**Text-to-region grounding data:**

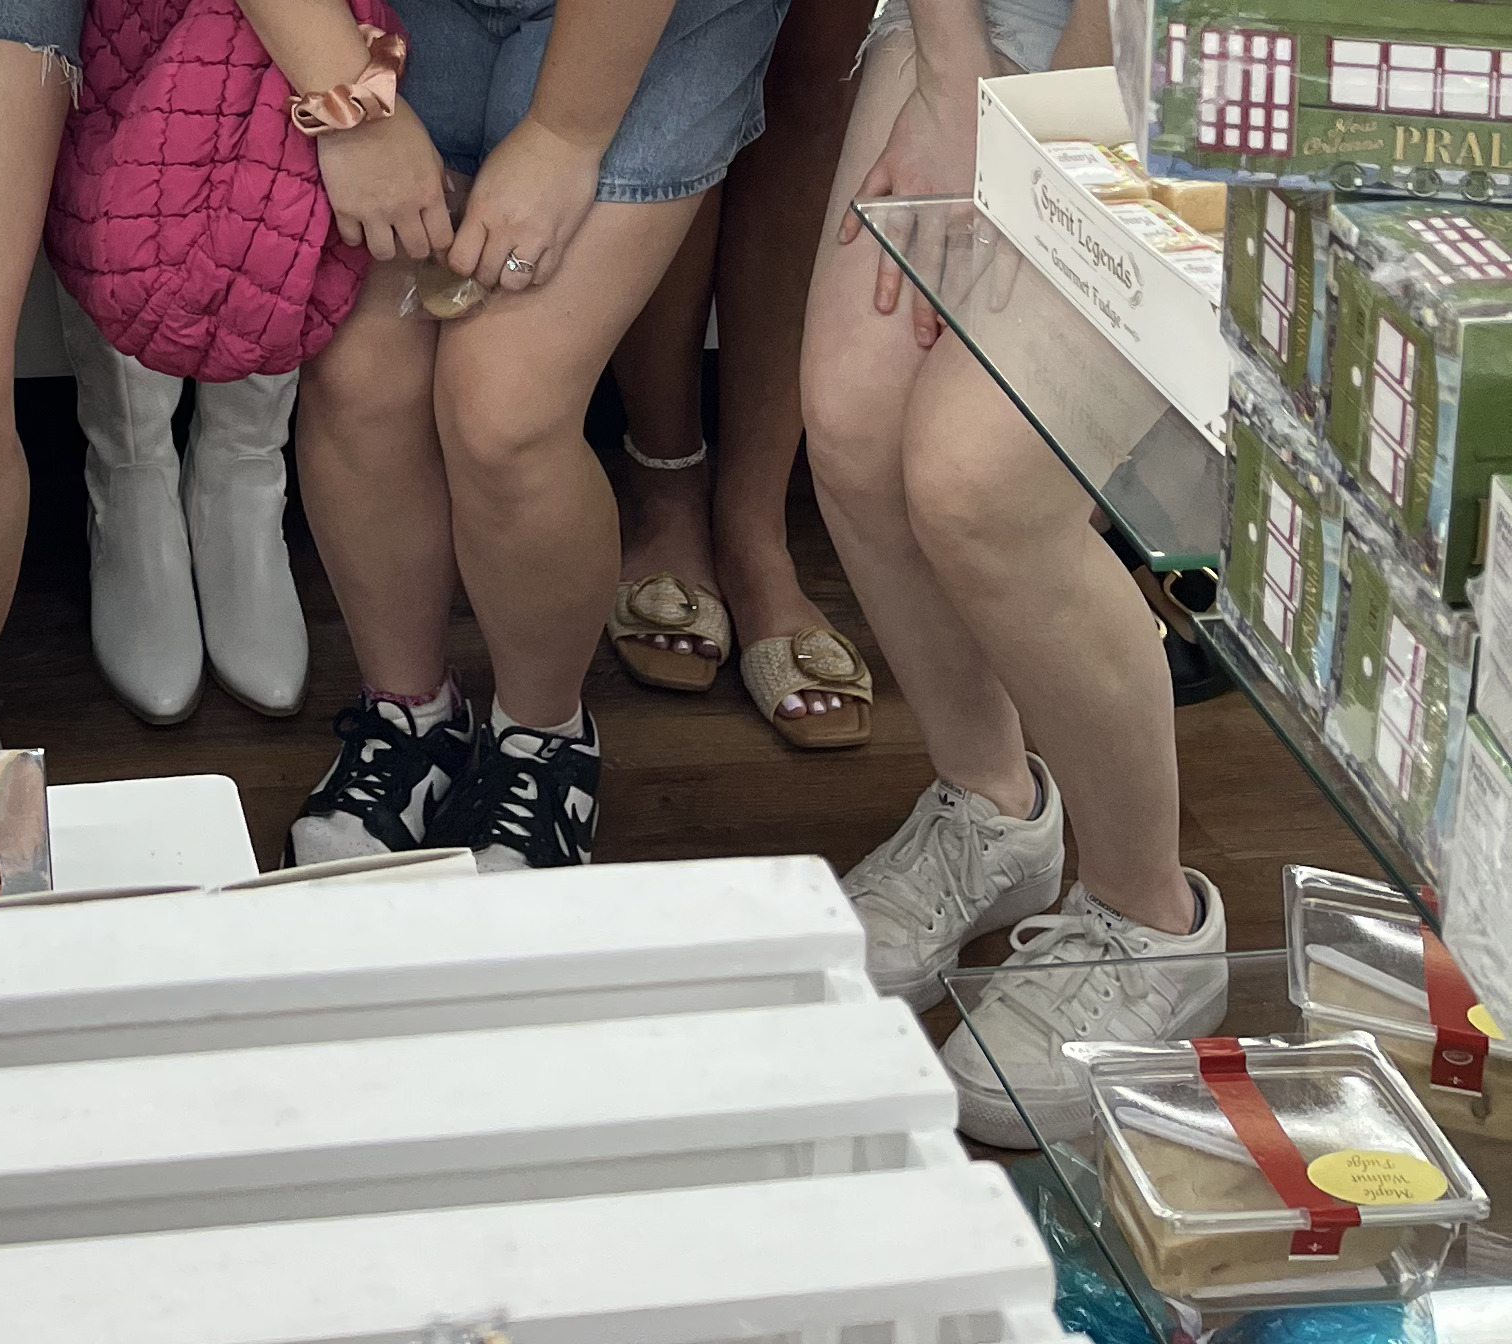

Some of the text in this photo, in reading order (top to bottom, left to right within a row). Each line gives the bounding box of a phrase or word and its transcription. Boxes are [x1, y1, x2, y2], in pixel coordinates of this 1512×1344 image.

[1041, 184, 1133, 290] Spirit Legends
[1051, 247, 1122, 329] Gourmet Fudge
[1346, 1154, 1397, 1172] Fudge
[1350, 1173, 1412, 1187] Walnut
[1363, 1184, 1414, 1201] Maple

**Problem to work on:**
All of the entries must be reproduced exactly, apart from the pictures, which are to be dropped.

**Response to this task:**
Some of the text in this photo, in reading order (top to bottom, left to right within a row). Each line gives the bounding box of a phrase or word and its transcription. Boxes are [x1, y1, x2, y2], in pixel coordinates of this 1512×1344 image.

[1041, 184, 1133, 290] Spirit Legends
[1051, 247, 1122, 329] Gourmet Fudge
[1346, 1154, 1397, 1172] Fudge
[1350, 1173, 1412, 1187] Walnut
[1363, 1184, 1414, 1201] Maple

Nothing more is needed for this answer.